(Beginning of Given records)
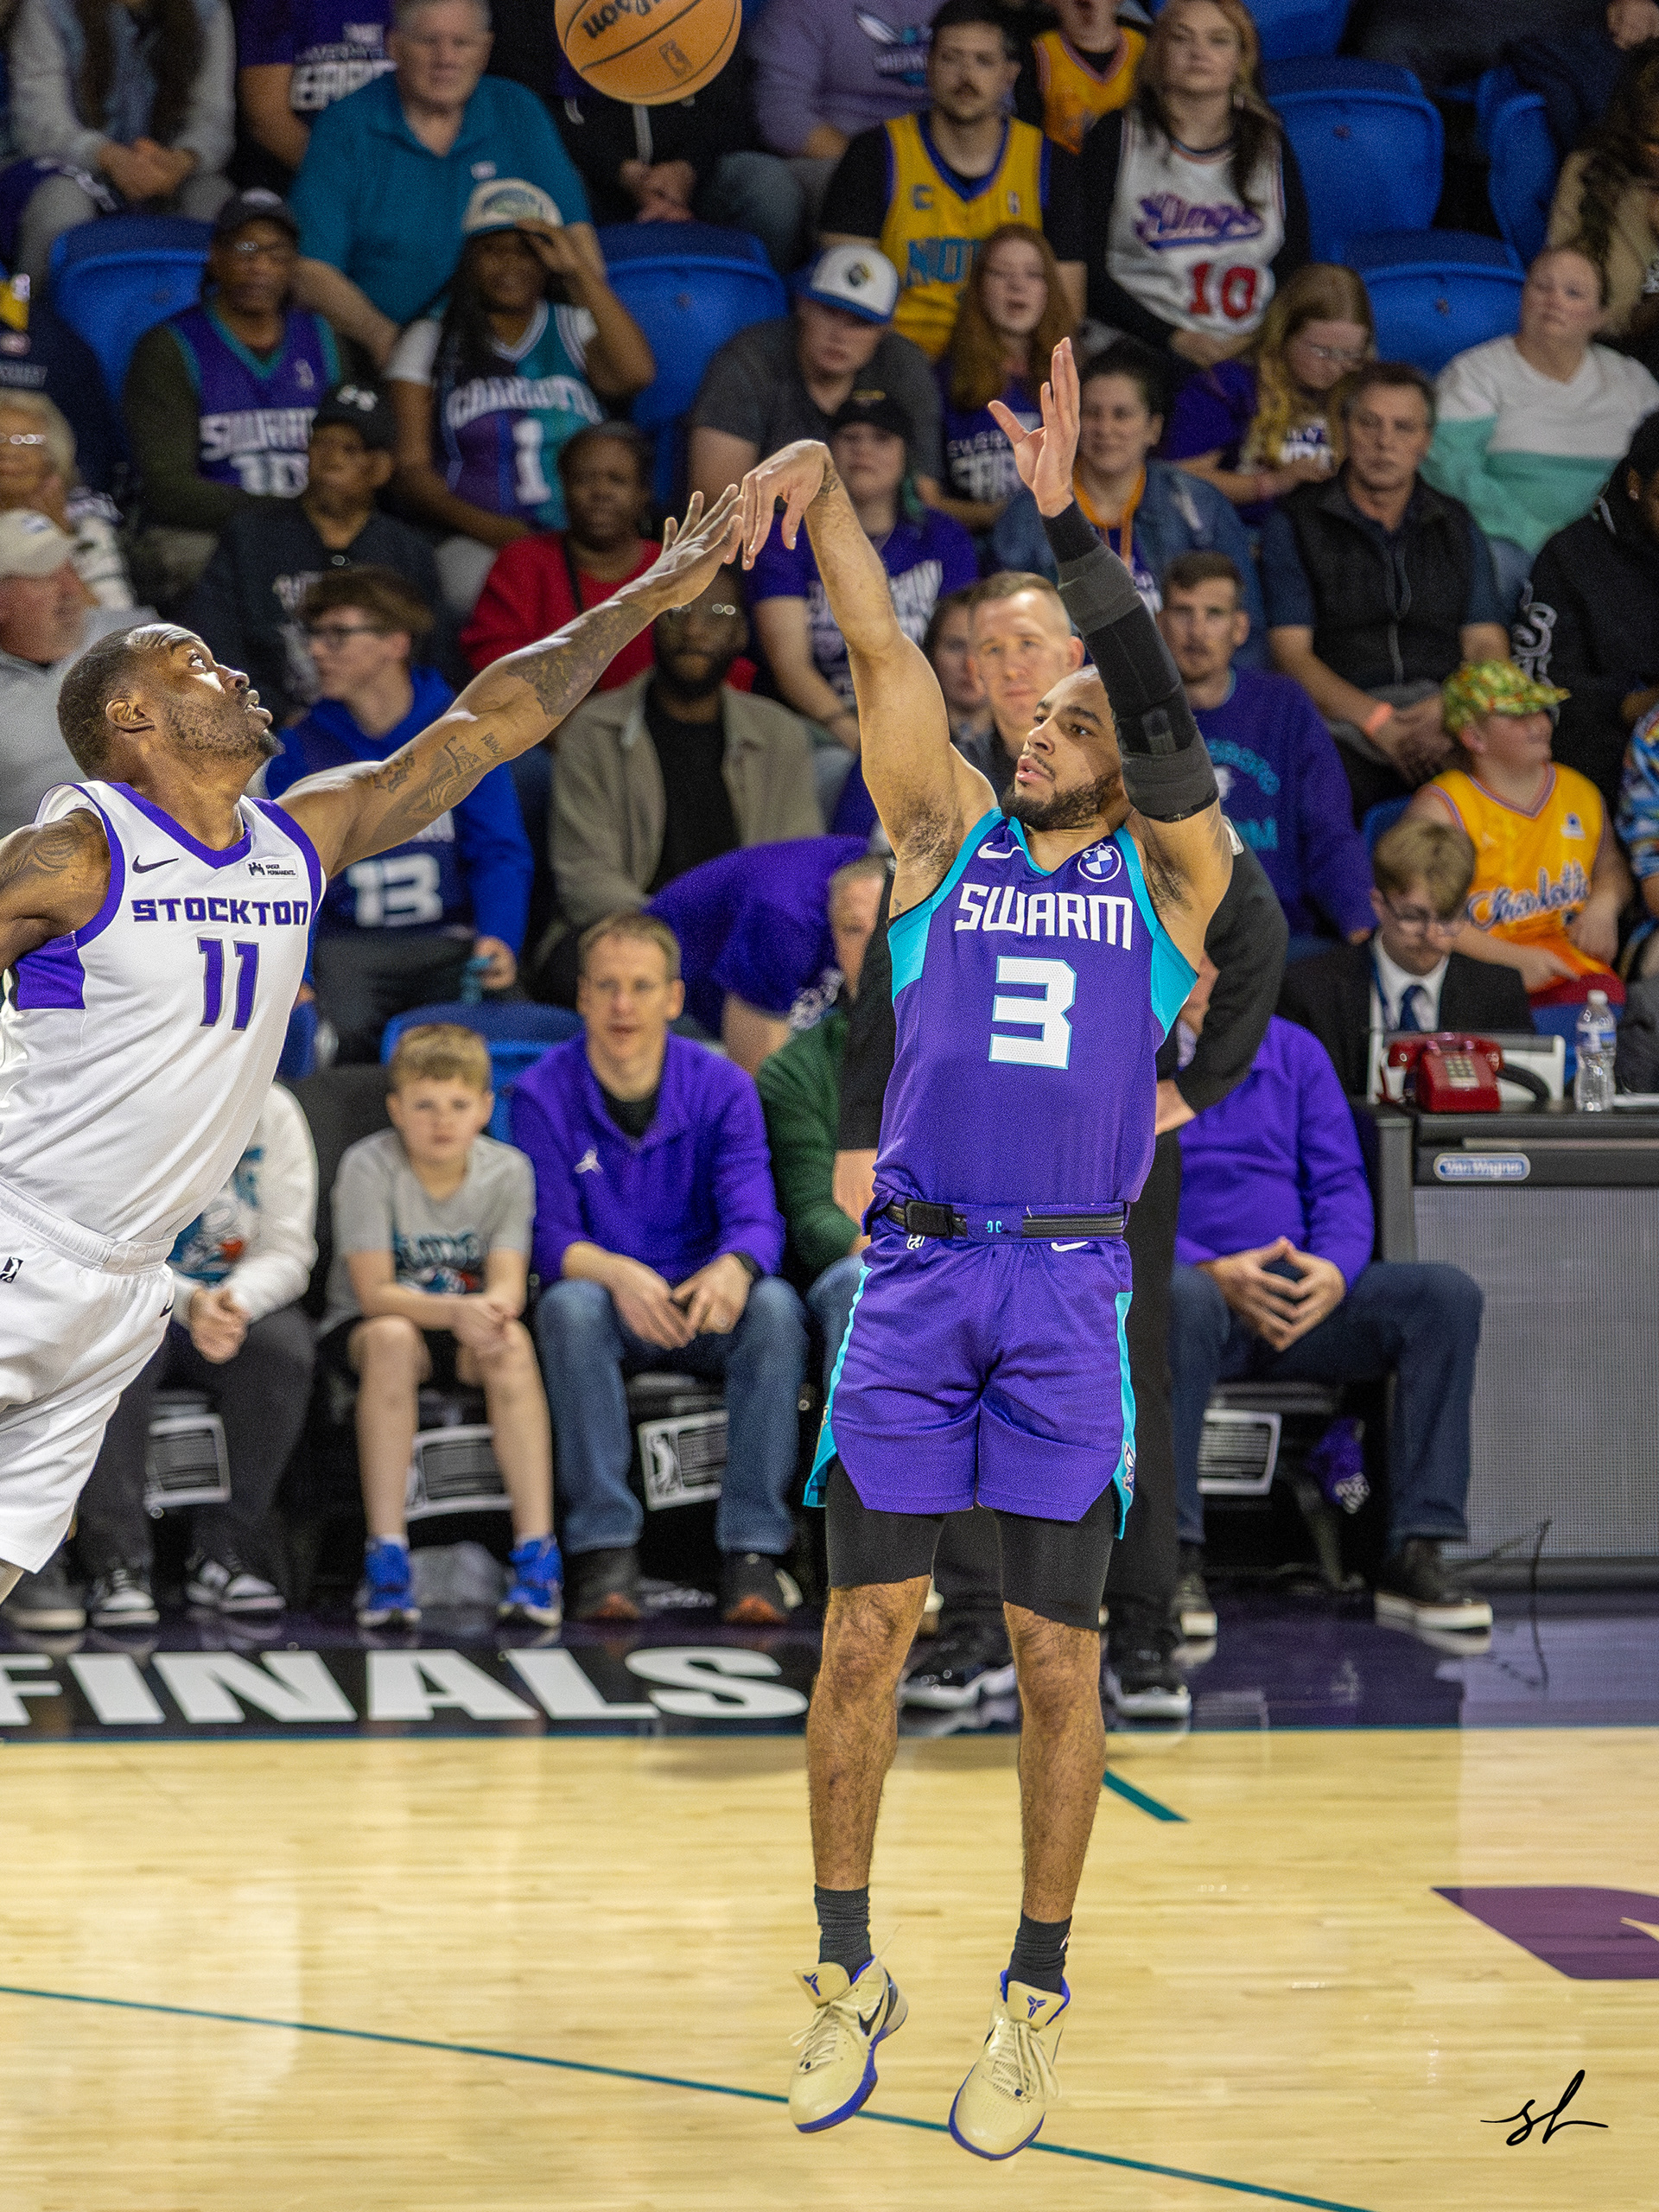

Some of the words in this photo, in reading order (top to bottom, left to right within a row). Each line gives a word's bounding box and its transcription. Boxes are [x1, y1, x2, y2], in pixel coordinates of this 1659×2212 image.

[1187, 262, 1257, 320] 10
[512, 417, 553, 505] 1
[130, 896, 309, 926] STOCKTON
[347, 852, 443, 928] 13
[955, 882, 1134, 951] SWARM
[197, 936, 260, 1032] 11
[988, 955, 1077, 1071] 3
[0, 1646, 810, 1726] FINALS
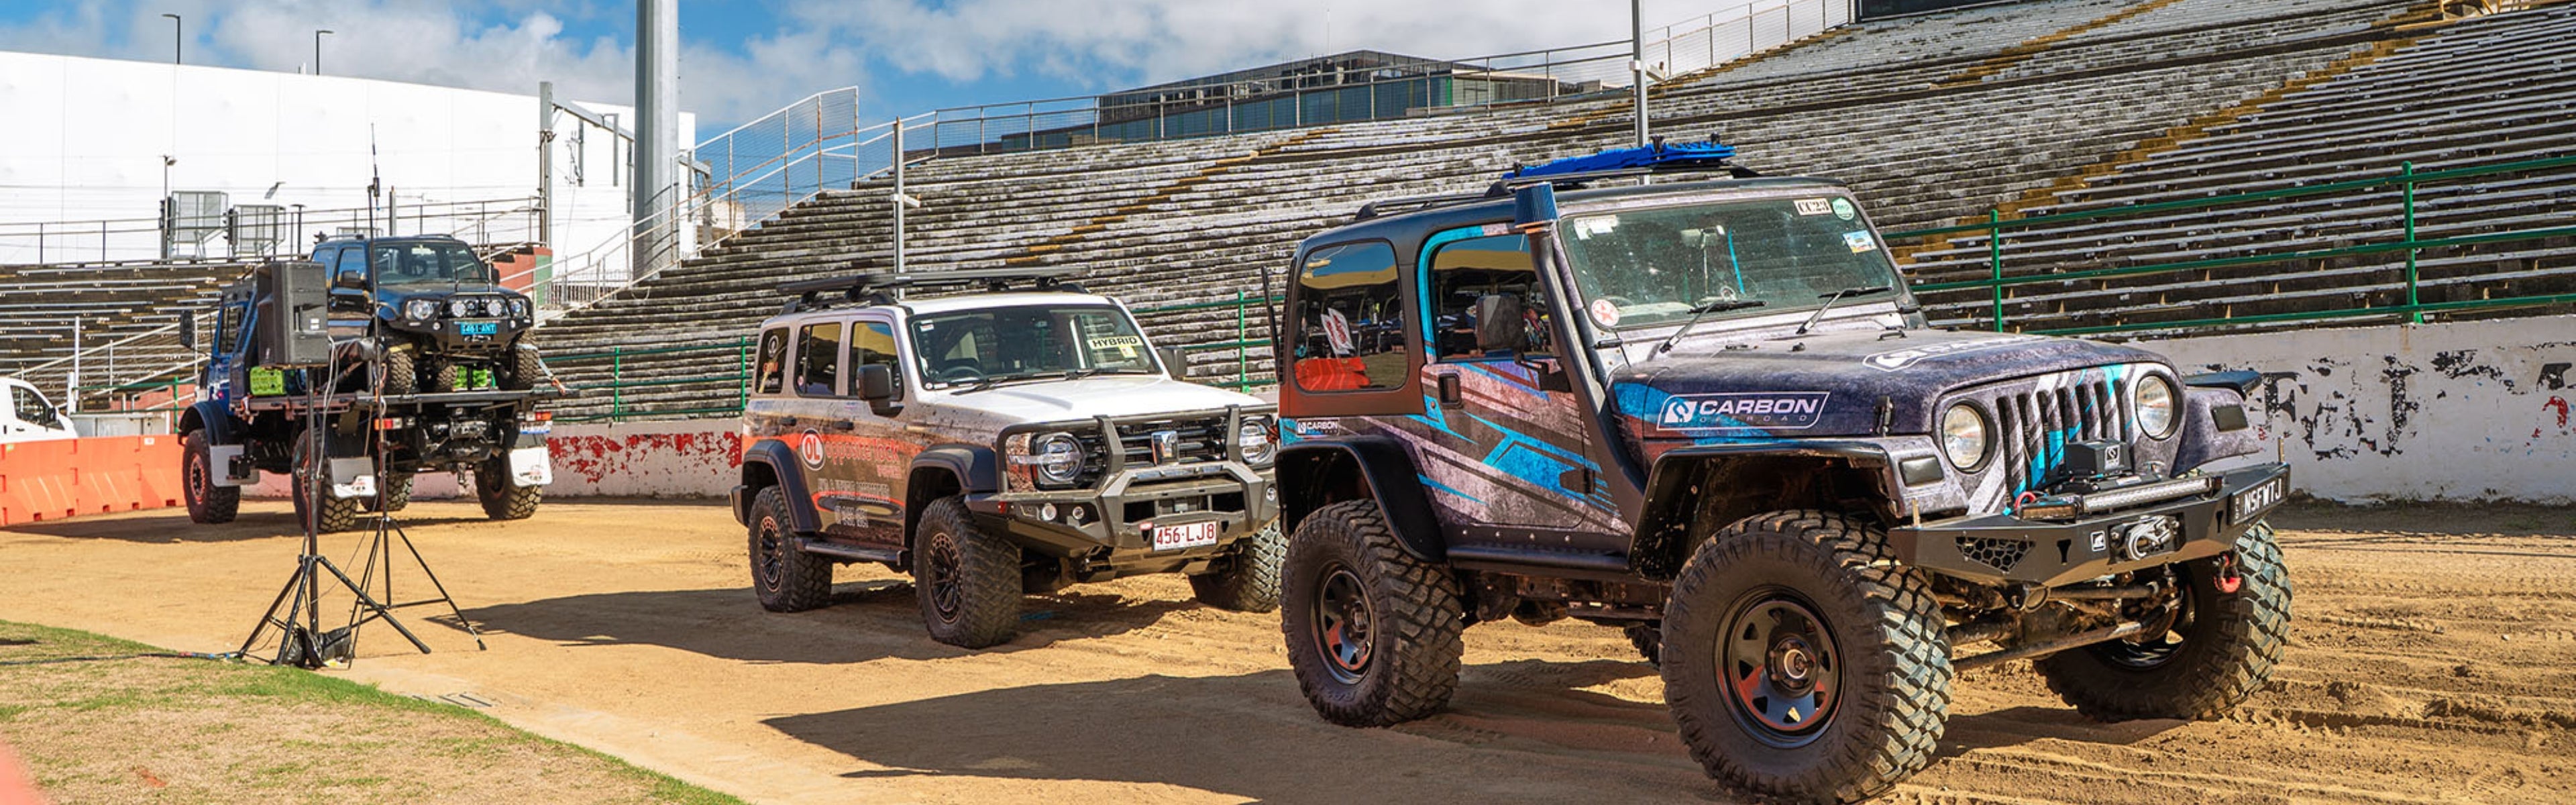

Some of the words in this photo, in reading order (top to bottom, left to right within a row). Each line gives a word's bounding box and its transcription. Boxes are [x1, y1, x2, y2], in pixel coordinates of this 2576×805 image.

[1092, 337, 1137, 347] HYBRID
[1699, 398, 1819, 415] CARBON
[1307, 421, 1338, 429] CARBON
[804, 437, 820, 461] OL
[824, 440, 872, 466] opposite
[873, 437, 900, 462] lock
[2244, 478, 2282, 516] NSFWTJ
(End of Given records)
◆ Your objective
Nothing but the line with "this 2576×805 image." and the lines after it, through the end of the material, should appear in the output, word for word.

◆ Response area
Some of the words in this photo, in reading order (top to bottom, left to right within a row). Each line gives a word's bounding box and its transcription. Boxes are [x1, y1, x2, y2], in pixel coordinates of this 2576×805 image.

[1092, 337, 1137, 347] HYBRID
[1699, 398, 1819, 415] CARBON
[1307, 421, 1338, 429] CARBON
[804, 437, 820, 461] OL
[824, 440, 872, 466] opposite
[873, 437, 900, 462] lock
[2244, 478, 2282, 516] NSFWTJ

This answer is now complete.